Directions for this task:
Output every record verbatim, and omit each picture.

Items listed in a dataset:
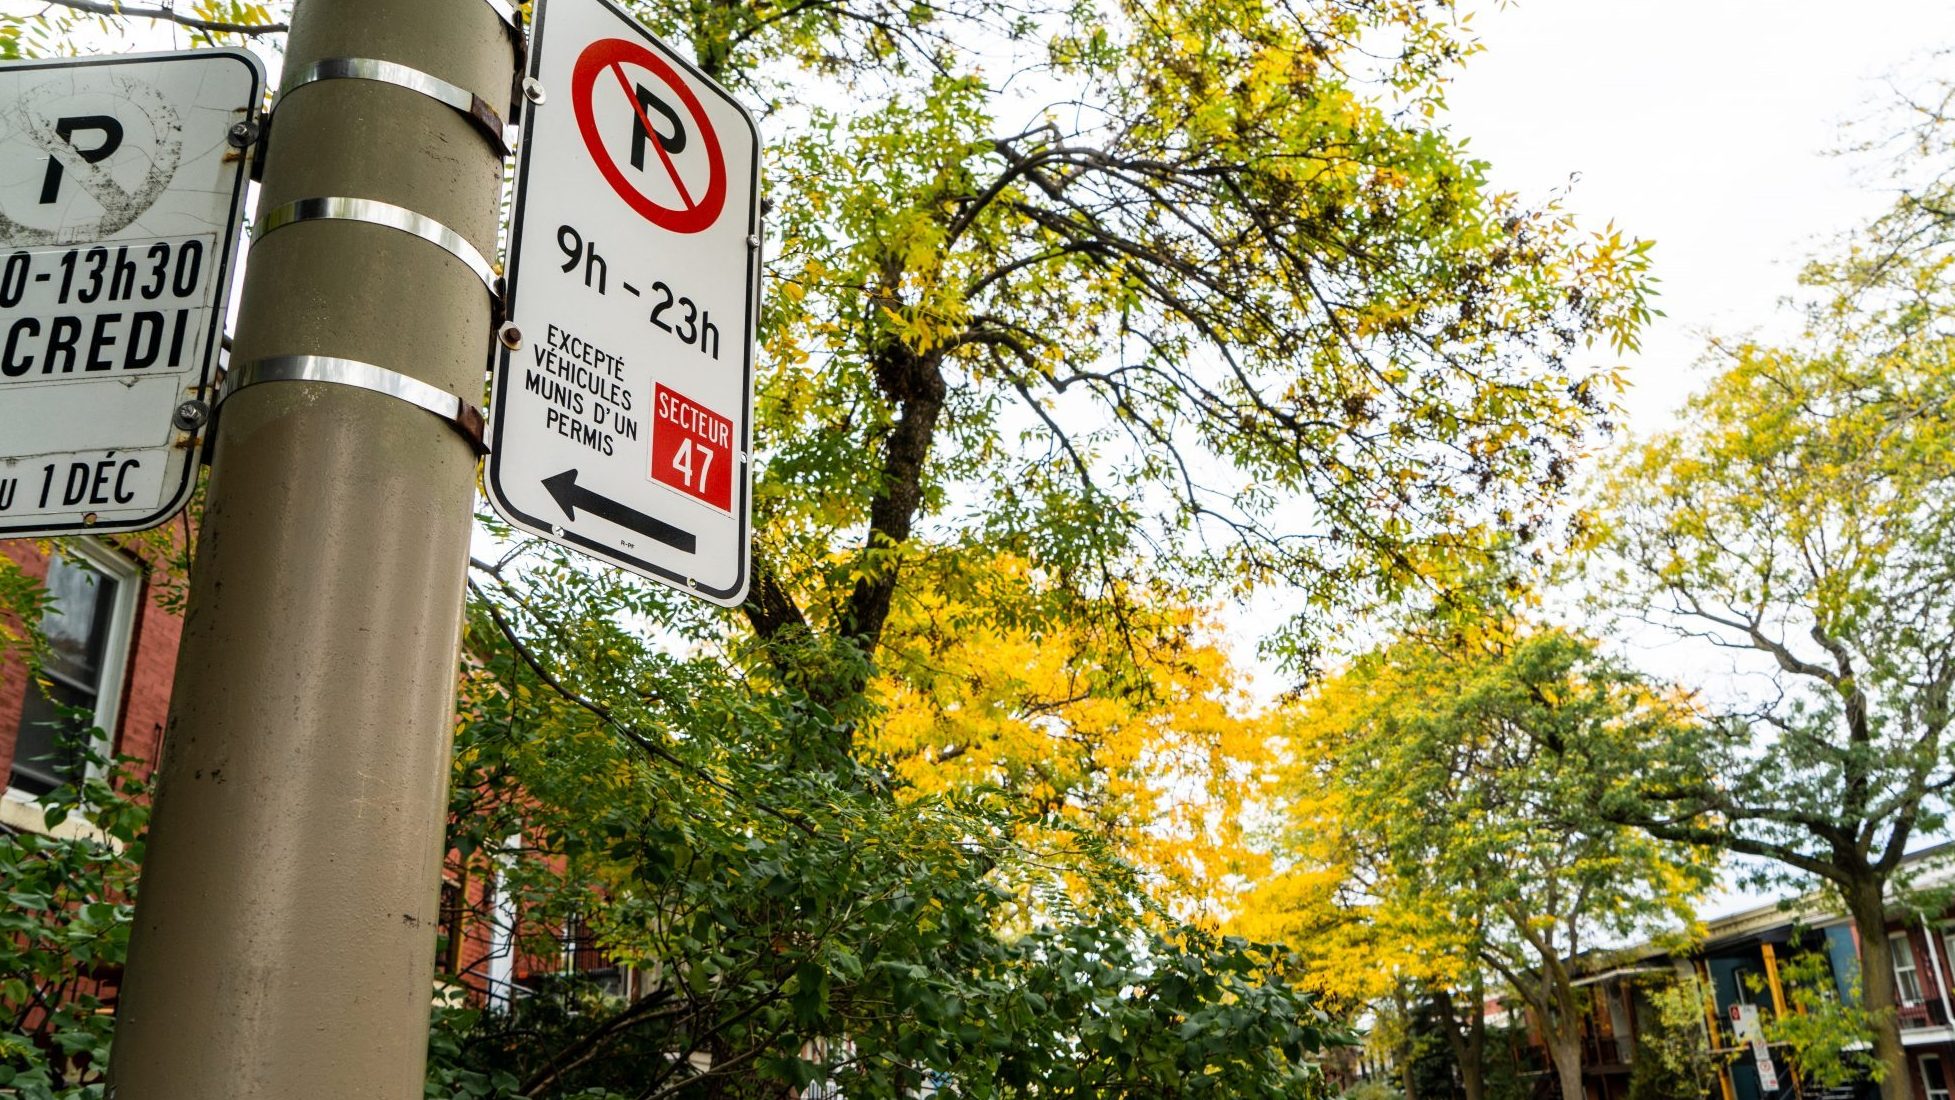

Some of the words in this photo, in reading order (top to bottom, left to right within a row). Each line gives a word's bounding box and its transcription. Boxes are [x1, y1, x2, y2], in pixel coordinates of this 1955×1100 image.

[557, 224, 607, 295] 9h
[650, 281, 719, 359] 23h
[2, 309, 189, 377] CREDI
[548, 323, 625, 382] EXCEPTÉ
[525, 369, 583, 415] MUNIS
[534, 344, 632, 411] VÉHICULES
[546, 407, 614, 457] PERMIS
[659, 392, 729, 449] SECTEUR
[38, 463, 56, 508] 1
[62, 451, 140, 506] DÉC
[672, 438, 714, 494] 47
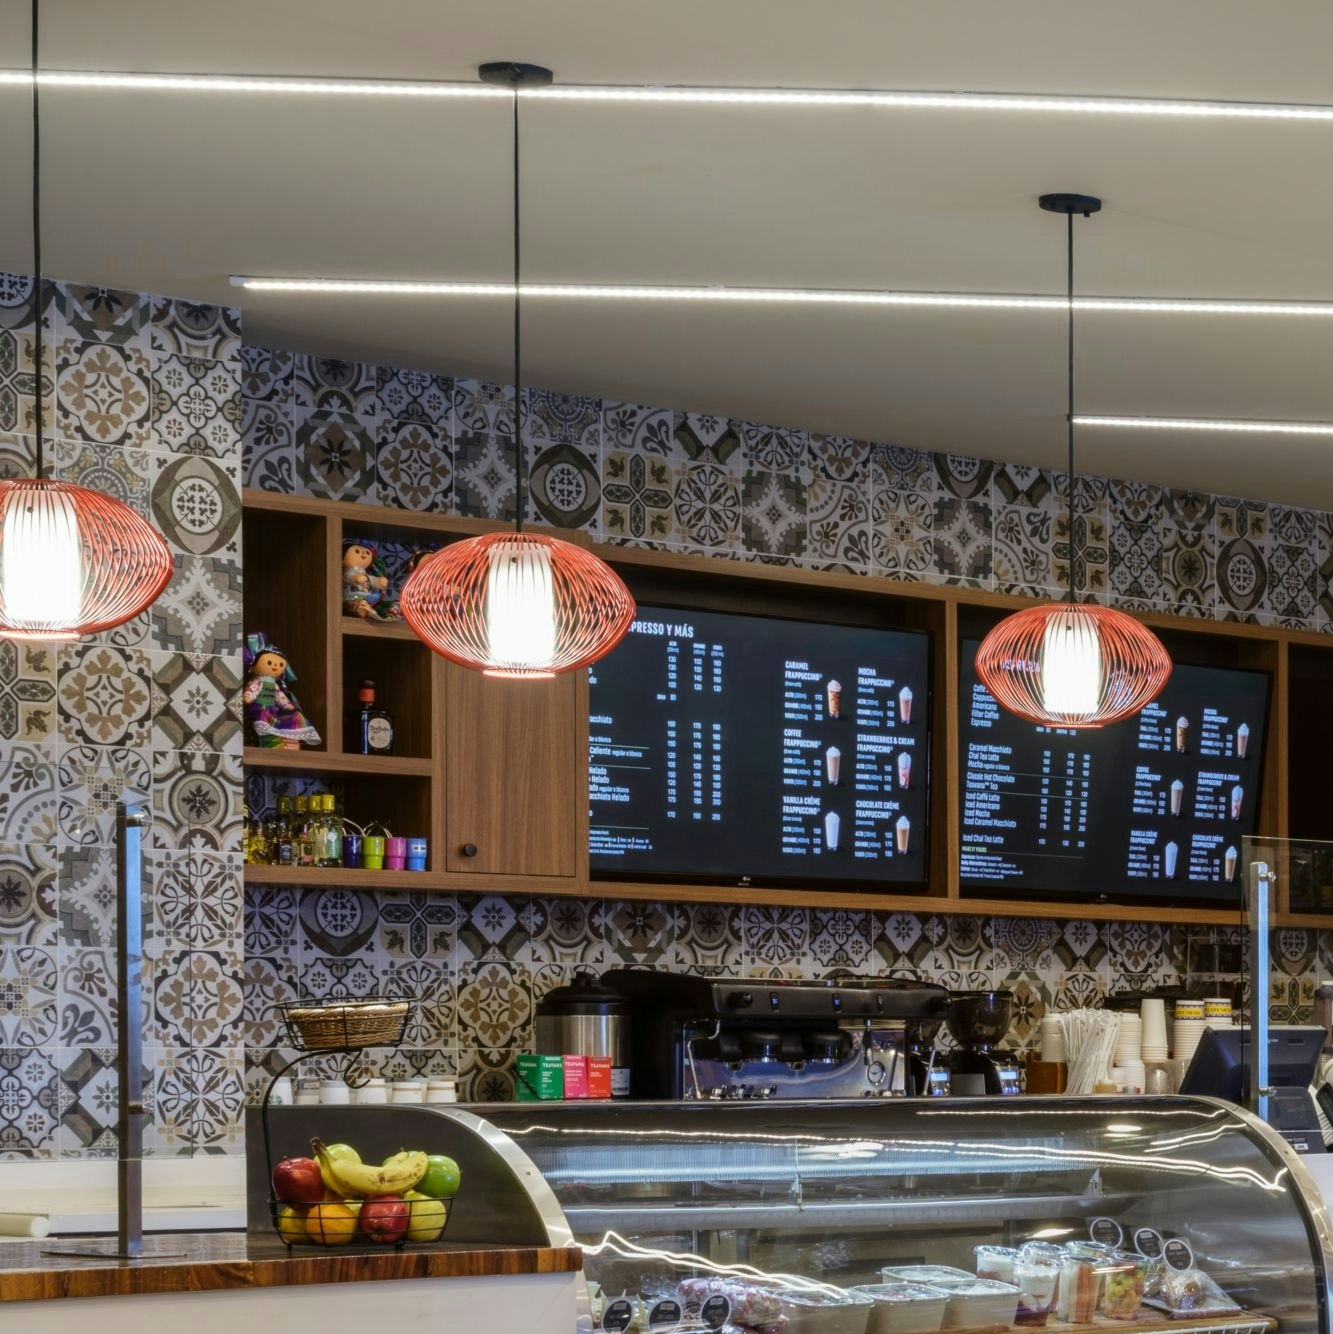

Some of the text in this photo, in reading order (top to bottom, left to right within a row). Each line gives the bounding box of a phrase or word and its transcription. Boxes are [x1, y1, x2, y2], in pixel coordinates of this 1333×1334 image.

Final answer:
Some of the words in this photo, in reading order (top to bottom, left to right within a row). Each line gives a word's bounding box and its transcription. Boxes are [x1, y1, x2, y2], in pixel coordinates of this 1955×1100 image.

[557, 224, 607, 295] 9h
[650, 281, 719, 359] 23h
[2, 309, 189, 377] CREDI
[548, 323, 625, 382] EXCEPTÉ
[525, 369, 583, 415] MUNIS
[534, 344, 632, 411] VÉHICULES
[546, 407, 614, 457] PERMIS
[659, 392, 729, 449] SECTEUR
[38, 463, 56, 508] 1
[62, 451, 140, 506] DÉC
[672, 438, 714, 494] 47

Some of the text in this photo, in reading order (top to bottom, left to right within a row). Each line gives the bounding box of a phrase or word and its transcription. Boxes are [x1, y1, x2, y2], in pixel coordinates of this 1333×1334 image.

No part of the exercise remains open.